The inflammatory context of HIV infection has been posited to contribute to the higher comorbidity risk noted in HIV-infected populations. One possible pathway may involve 1,25-dihydroxyvitamin D [1,25(OH)2 D], which plays a wide biologic role in many tissues. We sought to investigate whether inflammation was associated with vitamin D metabolites in a cohort of HIV-infected (HIV+) men receiving treatment and HIV-uninfected (HIV-) men. Vitamin D metabolites, including 25-hydroxyvitamin D [25(OH)D] and 1,25(OH)2 D, were measured along with 24 inflammatory markers among Multicenter AIDS Cohort Study participants. Exploratory factor analysis reduced inflammatory marker data to a smaller set of inflammatory processes (IPs). Multivariate linear regression was used to evaluate associations between vitamin D metabolites and IPs.
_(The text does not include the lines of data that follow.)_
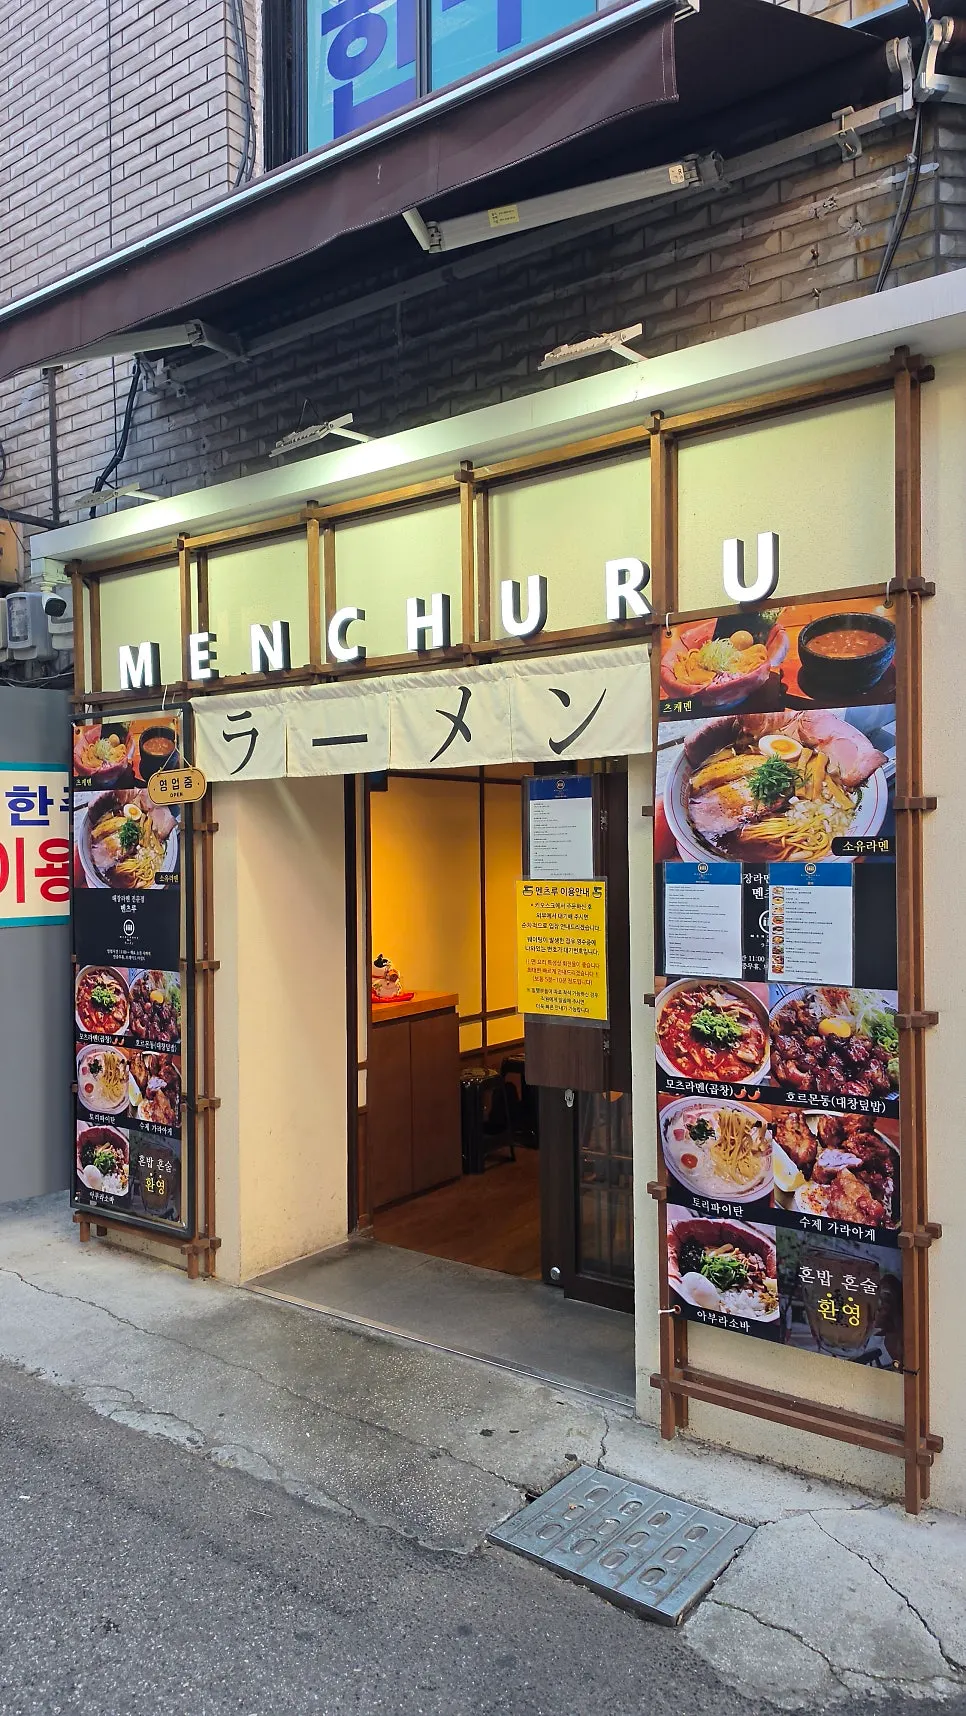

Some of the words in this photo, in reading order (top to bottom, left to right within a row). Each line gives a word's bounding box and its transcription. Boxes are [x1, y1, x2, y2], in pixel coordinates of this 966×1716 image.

[119, 531, 780, 691] MENCHURU
[663, 701, 692, 714] 츠케멘
[222, 685, 608, 776] ラーメン
[842, 839, 890, 853] 소유라멘
[535, 886, 558, 896] 멘츠루
[560, 887, 590, 897] 이용안내
[665, 1079, 734, 1097] 모츠라멘(곱창)
[785, 1091, 887, 1113] 호르몬동(대창덮밥)
[138, 1155, 154, 1169] 혼밥
[145, 1176, 166, 1195] 환영
[691, 1197, 744, 1218] 토리파이탄
[799, 1216, 822, 1233] 수제
[826, 1221, 876, 1242] 가라아게
[798, 1265, 834, 1287] 혼밥
[841, 1273, 879, 1296] 혼술
[696, 1310, 750, 1333] 아부라소바
[817, 1297, 861, 1327] 환영
There were 466 HIV+ and 100 HIV- men, who contributed 658 stored samples from 1998 to 2008. We found three IPs with IP 1 characterized by sTNF-R2, sIL-2Rα, sCD27, BAFF, sgp130, sCD14, CXCL10 (IP-10), and sIL-6R. While none of the three IPs was associated with 25(OH)D levels in either HIV+ or HIV-, higher levels of IP 1 were significantly associated with the reduced levels of 1,25(OH)2 D in HIV+, and a similar although nonsignificant trend was seen in HIV-. The association between 1,25(OH)2 D and inflammation found among HIV-infected men suggests a possible mechanism whereby inflammation leads to the increased comorbidity risk noted among HIV-infected individuals.